◆ Task objective
Only the pictures should be dropped; every line of the data must come back exactly as written.

◆ Given entries
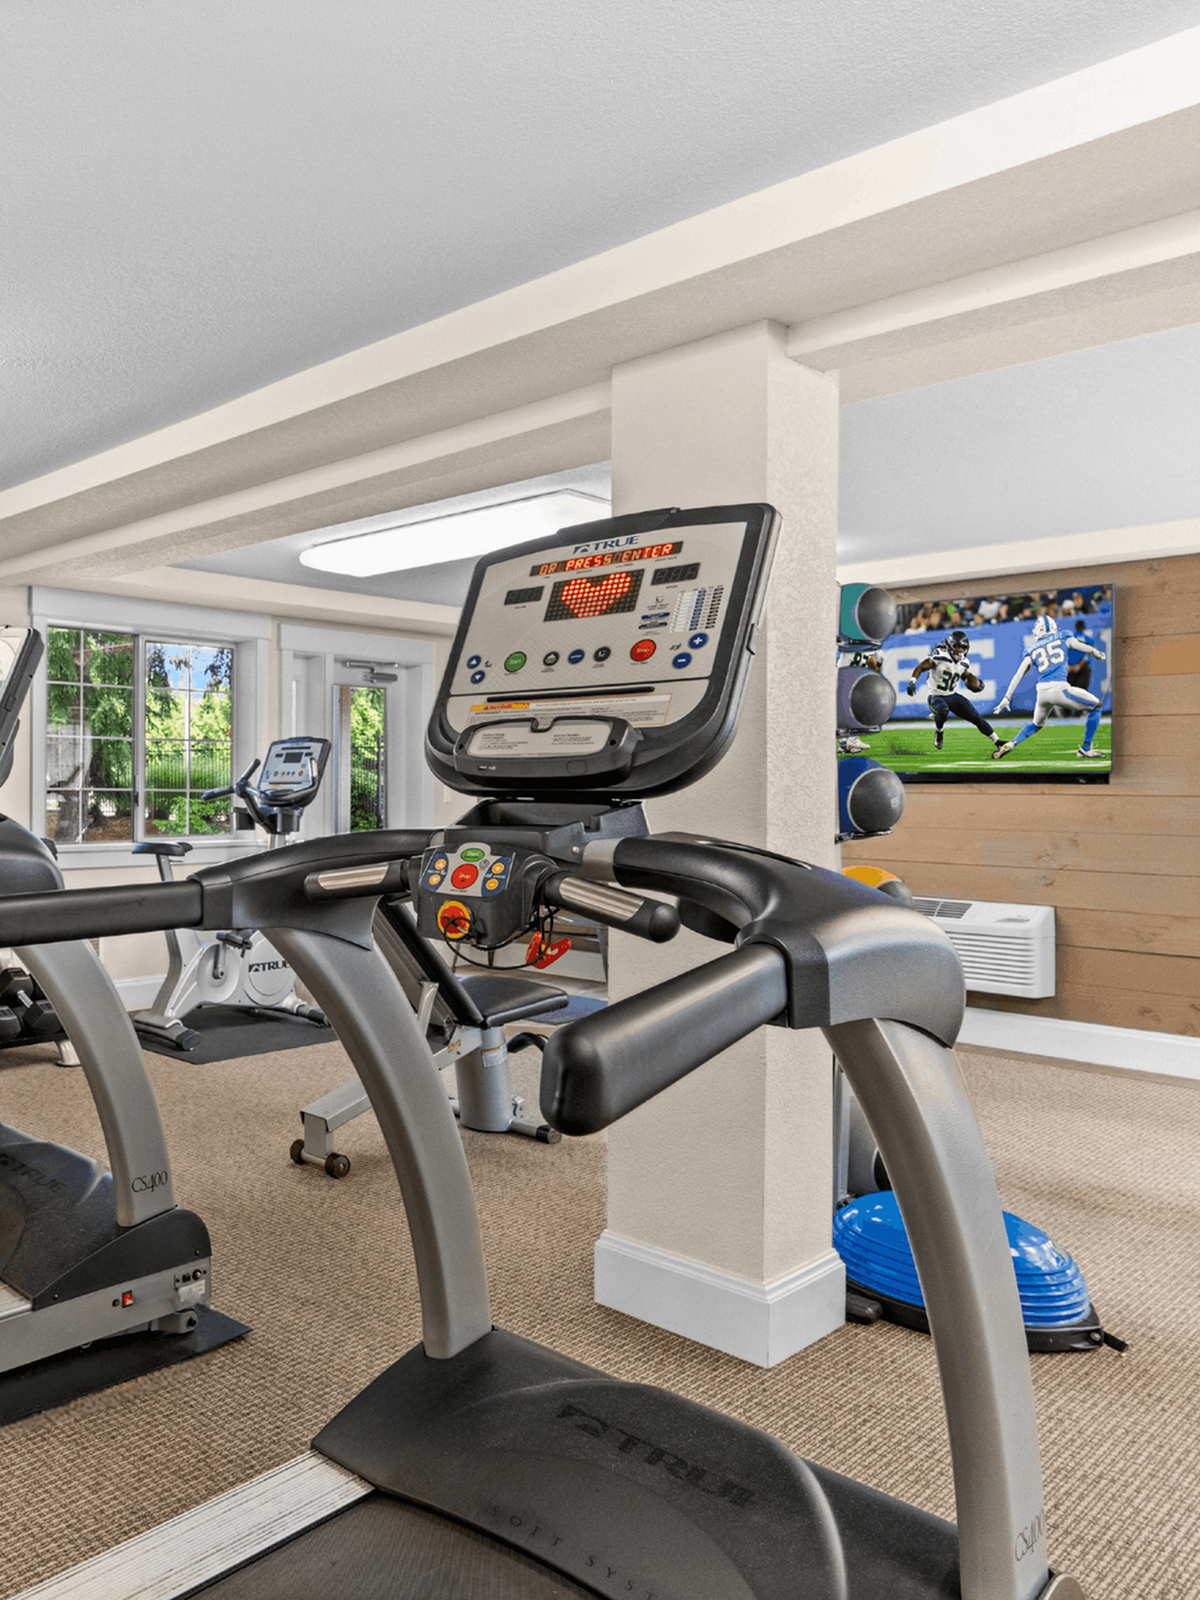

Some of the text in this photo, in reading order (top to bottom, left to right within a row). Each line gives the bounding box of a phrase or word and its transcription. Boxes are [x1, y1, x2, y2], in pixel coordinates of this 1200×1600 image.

[538, 543, 674, 576] OR PRESS ENTER
[592, 535, 640, 551] TRUE
[1031, 639, 1065, 673] 35
[131, 1171, 168, 1193] CS400
[617, 1429, 756, 1507] TRUE
[487, 1504, 564, 1548] SOFT
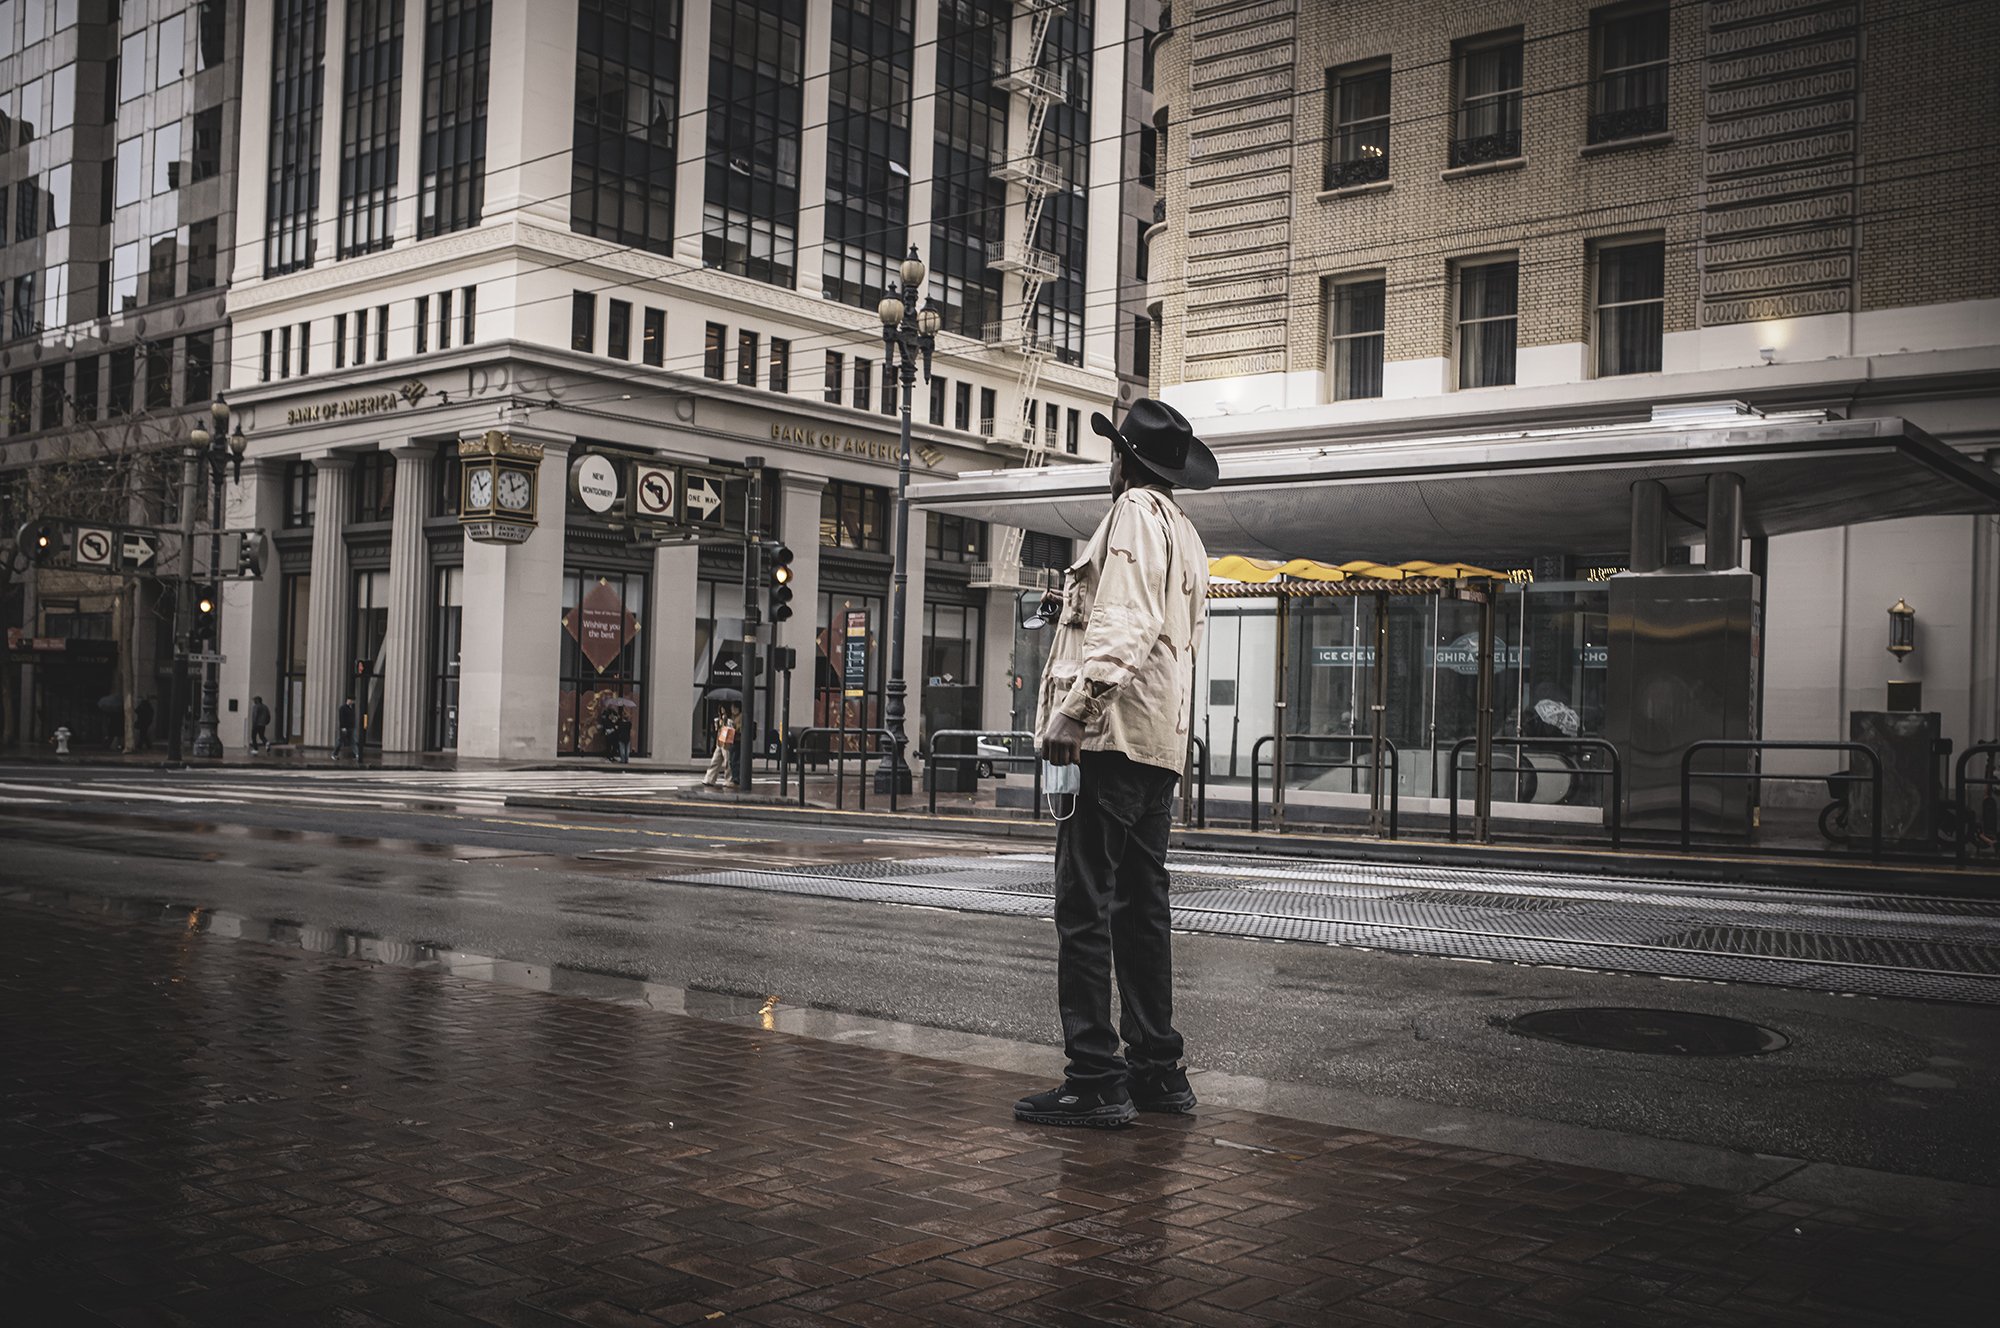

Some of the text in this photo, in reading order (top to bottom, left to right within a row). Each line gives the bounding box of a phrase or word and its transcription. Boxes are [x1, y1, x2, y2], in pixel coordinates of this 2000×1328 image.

◆ Result of this exercise
Some of the text in this photo, in reading order (top to bottom, left to right within a row). Each line gives the bounding box of a phrase or word and its transcription. Boxes are [x1, y1, x2, y2], in pixel coordinates of this 1200×1600 image.

[538, 543, 674, 576] OR PRESS ENTER
[592, 535, 640, 551] TRUE
[1031, 639, 1065, 673] 35
[131, 1171, 168, 1193] CS400
[617, 1429, 756, 1507] TRUE
[487, 1504, 564, 1548] SOFT

Some of the text in this photo, in reading order (top to bottom, left to right within a row). Each line gives the bounding box of a phrase or word and its transcription. Boxes are [x1, y1, x2, y2], in pixel coordinates of this 2000×1328 image.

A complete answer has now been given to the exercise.